_Phrase grounding data_
※
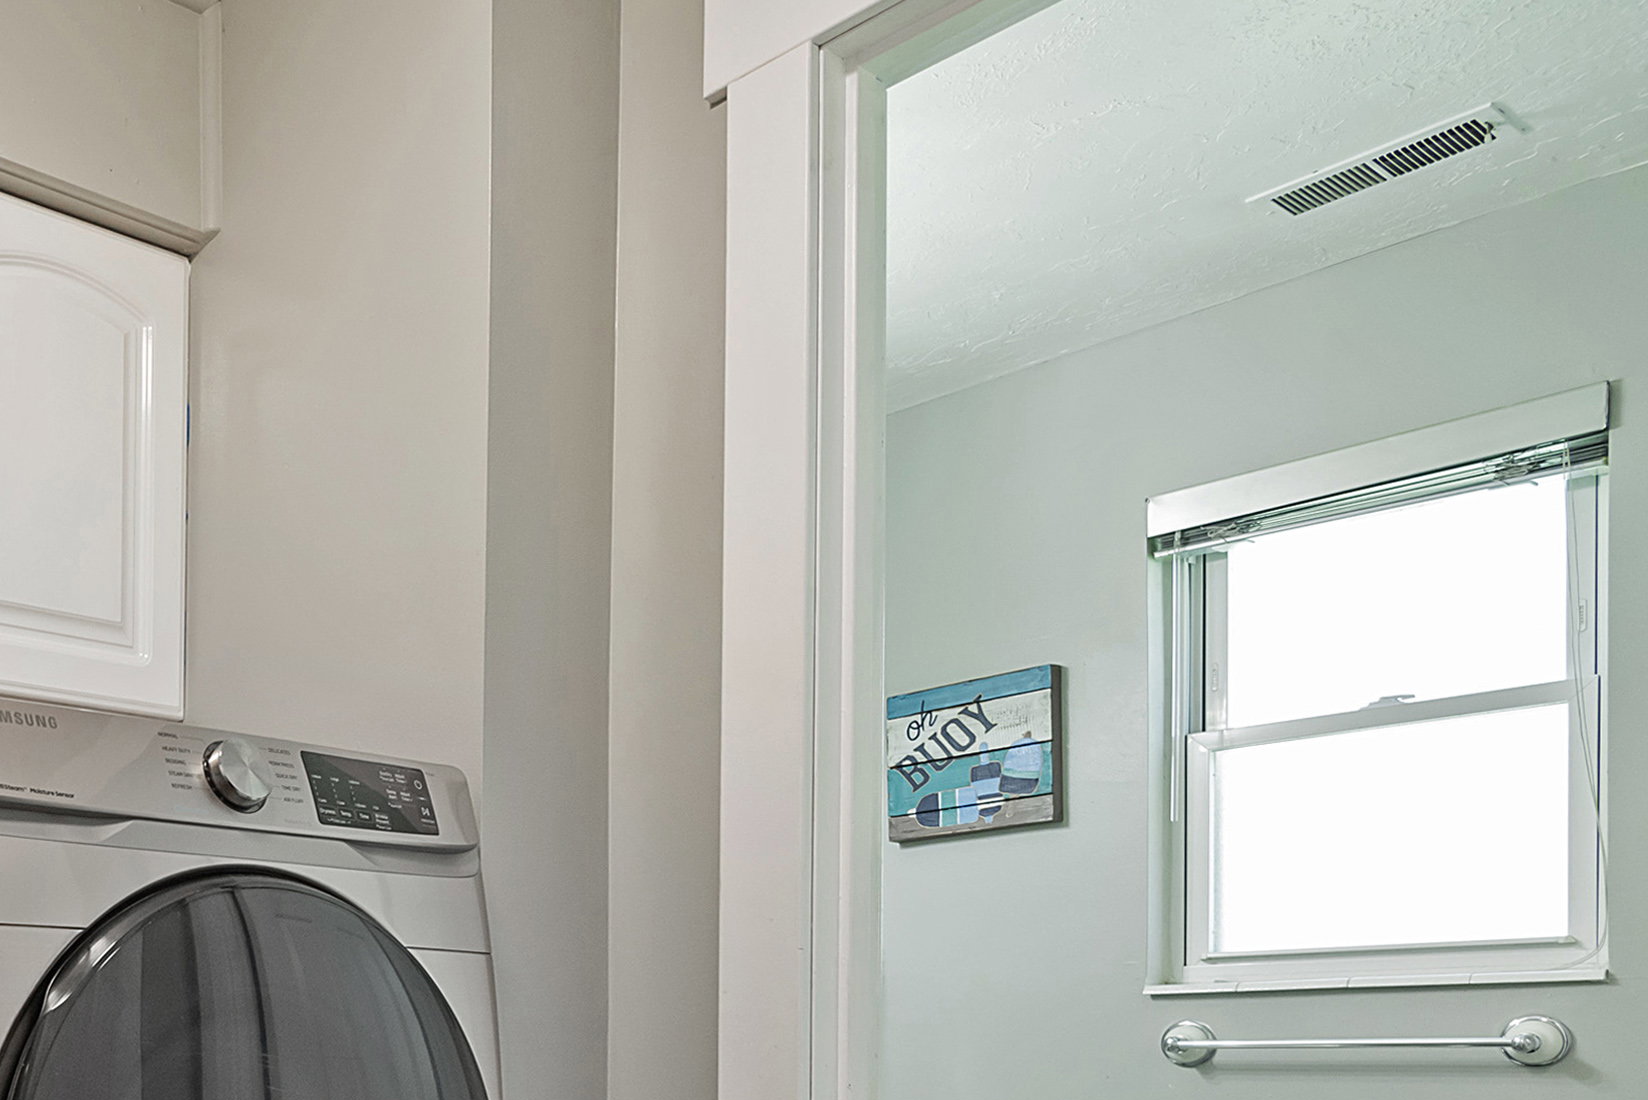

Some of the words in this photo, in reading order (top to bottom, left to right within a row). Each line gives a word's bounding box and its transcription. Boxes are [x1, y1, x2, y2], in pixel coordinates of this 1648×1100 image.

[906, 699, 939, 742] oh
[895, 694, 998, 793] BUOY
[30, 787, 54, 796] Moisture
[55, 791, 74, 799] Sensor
※
_HOW TO COMPLETE THIS TASK_
The data above should be returned in full, exactly as written, apart from its images.

_OUTPUT FOR THIS EXERCISE_
Some of the words in this photo, in reading order (top to bottom, left to right within a row). Each line gives a word's bounding box and its transcription. Boxes are [x1, y1, x2, y2], in pixel coordinates of this 1648×1100 image.

[906, 699, 939, 742] oh
[895, 694, 998, 793] BUOY
[30, 787, 54, 796] Moisture
[55, 791, 74, 799] Sensor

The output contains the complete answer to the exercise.